── Data for analysis ──

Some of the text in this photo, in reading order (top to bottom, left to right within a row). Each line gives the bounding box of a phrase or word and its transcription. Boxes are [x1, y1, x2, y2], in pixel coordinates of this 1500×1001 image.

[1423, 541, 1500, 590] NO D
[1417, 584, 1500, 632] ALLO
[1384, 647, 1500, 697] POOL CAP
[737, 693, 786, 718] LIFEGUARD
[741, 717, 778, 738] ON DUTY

───

Task statement:
In full and without alteration, output the listing.

Task solution:
Some of the text in this photo, in reading order (top to bottom, left to right within a row). Each line gives the bounding box of a phrase or word and its transcription. Boxes are [x1, y1, x2, y2], in pixel coordinates of this 1500×1001 image.

[1423, 541, 1500, 590] NO D
[1417, 584, 1500, 632] ALLO
[1384, 647, 1500, 697] POOL CAP
[737, 693, 786, 718] LIFEGUARD
[741, 717, 778, 738] ON DUTY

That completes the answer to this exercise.